| TRY IT |
Write out every line below that includes the word "HOURS".

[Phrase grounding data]
────

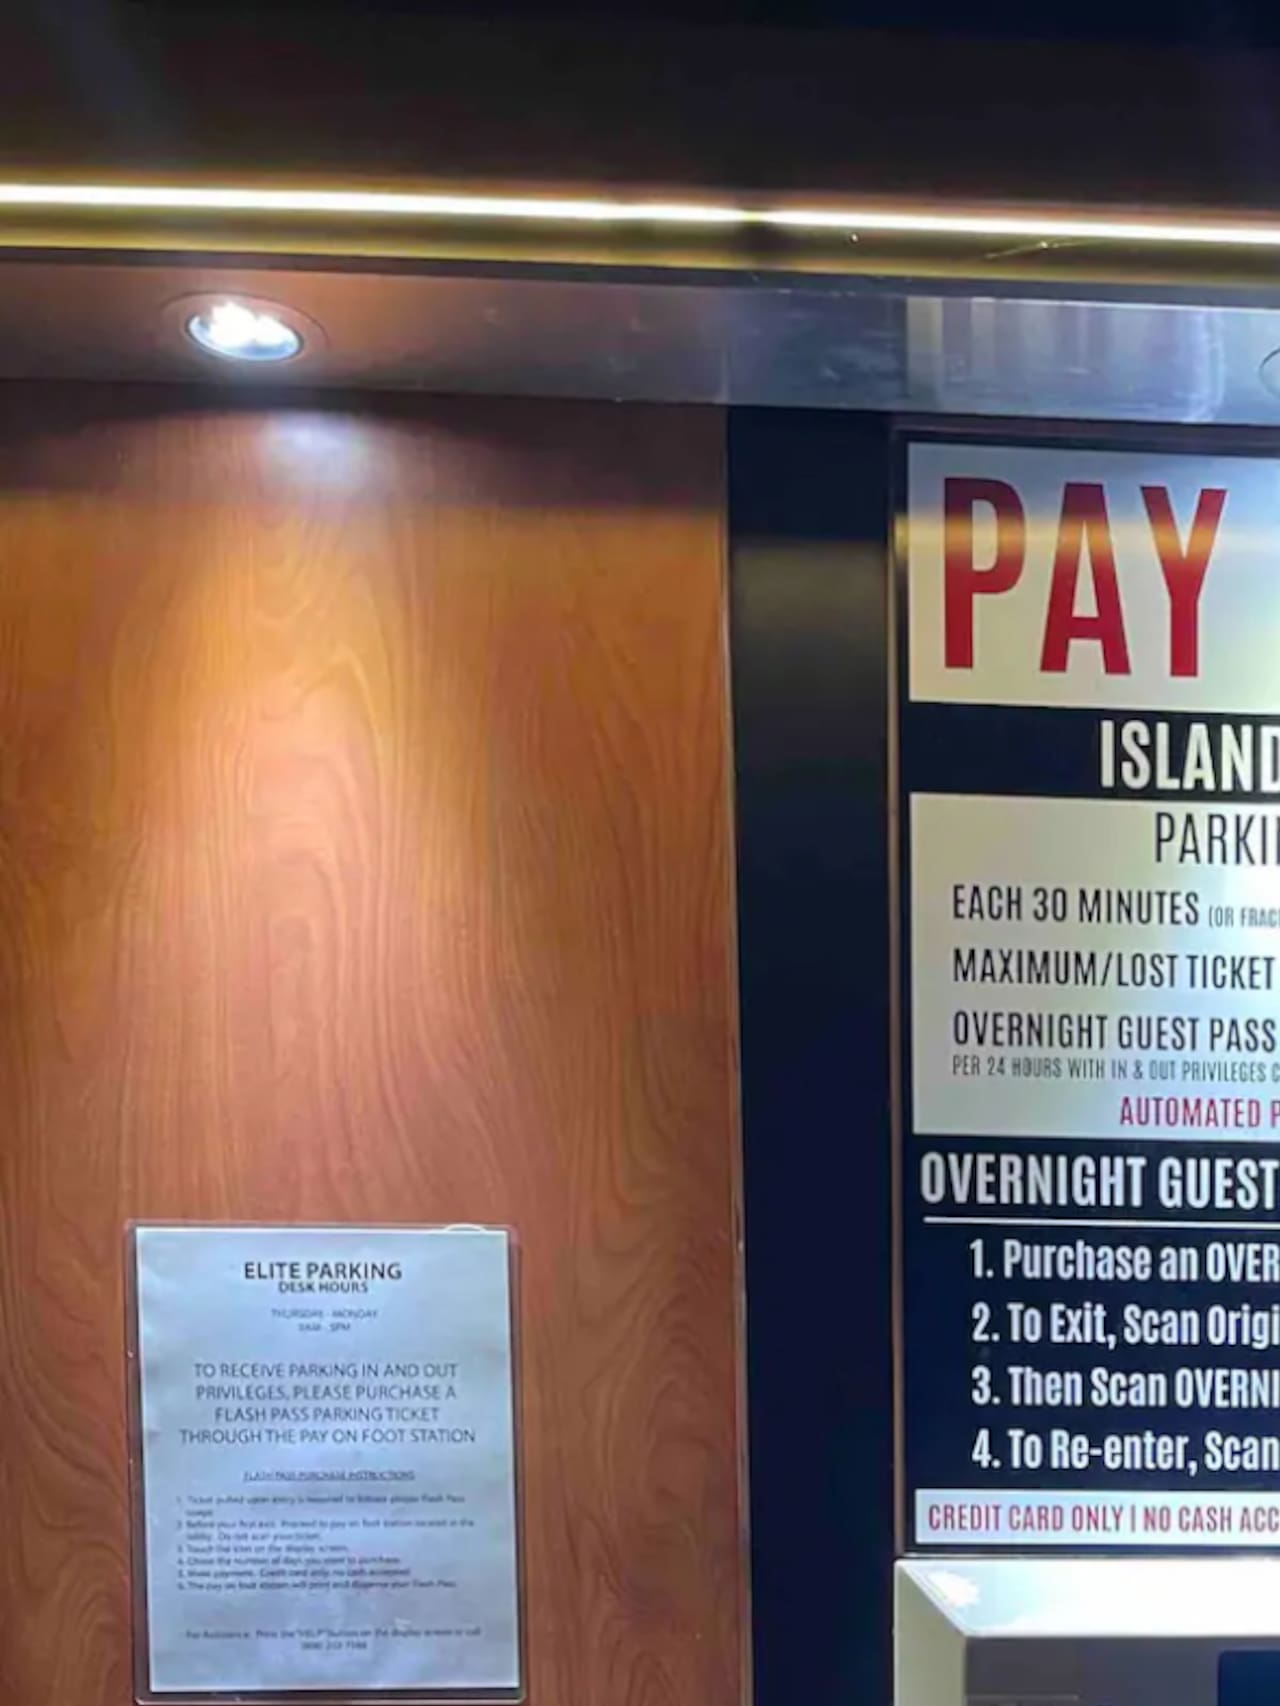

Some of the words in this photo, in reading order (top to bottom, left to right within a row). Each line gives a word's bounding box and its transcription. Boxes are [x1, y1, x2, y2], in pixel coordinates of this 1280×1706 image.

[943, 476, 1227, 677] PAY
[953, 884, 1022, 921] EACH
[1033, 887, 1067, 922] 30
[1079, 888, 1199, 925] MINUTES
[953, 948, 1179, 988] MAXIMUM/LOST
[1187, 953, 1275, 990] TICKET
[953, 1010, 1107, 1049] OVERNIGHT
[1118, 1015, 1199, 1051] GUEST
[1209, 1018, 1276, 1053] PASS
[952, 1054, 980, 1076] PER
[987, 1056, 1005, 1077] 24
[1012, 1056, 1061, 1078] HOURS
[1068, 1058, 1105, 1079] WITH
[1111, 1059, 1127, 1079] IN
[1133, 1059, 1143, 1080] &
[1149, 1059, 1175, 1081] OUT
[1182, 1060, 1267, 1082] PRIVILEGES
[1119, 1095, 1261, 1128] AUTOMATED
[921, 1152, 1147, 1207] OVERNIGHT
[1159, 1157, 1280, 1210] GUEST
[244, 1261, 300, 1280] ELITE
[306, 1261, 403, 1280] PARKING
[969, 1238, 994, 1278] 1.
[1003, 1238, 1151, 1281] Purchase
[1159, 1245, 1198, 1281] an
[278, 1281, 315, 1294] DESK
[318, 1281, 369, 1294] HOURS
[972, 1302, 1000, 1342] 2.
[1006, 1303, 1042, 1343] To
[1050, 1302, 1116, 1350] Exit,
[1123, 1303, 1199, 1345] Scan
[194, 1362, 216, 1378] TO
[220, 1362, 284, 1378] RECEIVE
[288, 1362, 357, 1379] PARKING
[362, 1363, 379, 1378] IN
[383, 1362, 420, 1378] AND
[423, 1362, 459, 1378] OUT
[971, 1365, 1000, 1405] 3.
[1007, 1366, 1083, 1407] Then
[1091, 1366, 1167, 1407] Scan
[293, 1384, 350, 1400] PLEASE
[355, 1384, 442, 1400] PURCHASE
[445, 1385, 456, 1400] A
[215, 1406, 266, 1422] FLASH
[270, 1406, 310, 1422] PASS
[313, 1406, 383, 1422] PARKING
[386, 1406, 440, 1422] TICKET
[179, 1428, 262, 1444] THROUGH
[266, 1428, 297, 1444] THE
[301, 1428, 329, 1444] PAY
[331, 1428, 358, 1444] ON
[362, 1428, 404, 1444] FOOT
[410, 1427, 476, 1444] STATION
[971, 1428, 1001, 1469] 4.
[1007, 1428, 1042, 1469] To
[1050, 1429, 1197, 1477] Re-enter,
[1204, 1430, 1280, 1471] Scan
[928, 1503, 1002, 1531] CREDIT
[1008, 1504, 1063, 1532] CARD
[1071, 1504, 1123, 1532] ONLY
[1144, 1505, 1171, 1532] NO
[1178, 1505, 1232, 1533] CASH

────

| EXPECTED ANSWER |
[1012, 1056, 1061, 1078] HOURS
[318, 1281, 369, 1294] HOURS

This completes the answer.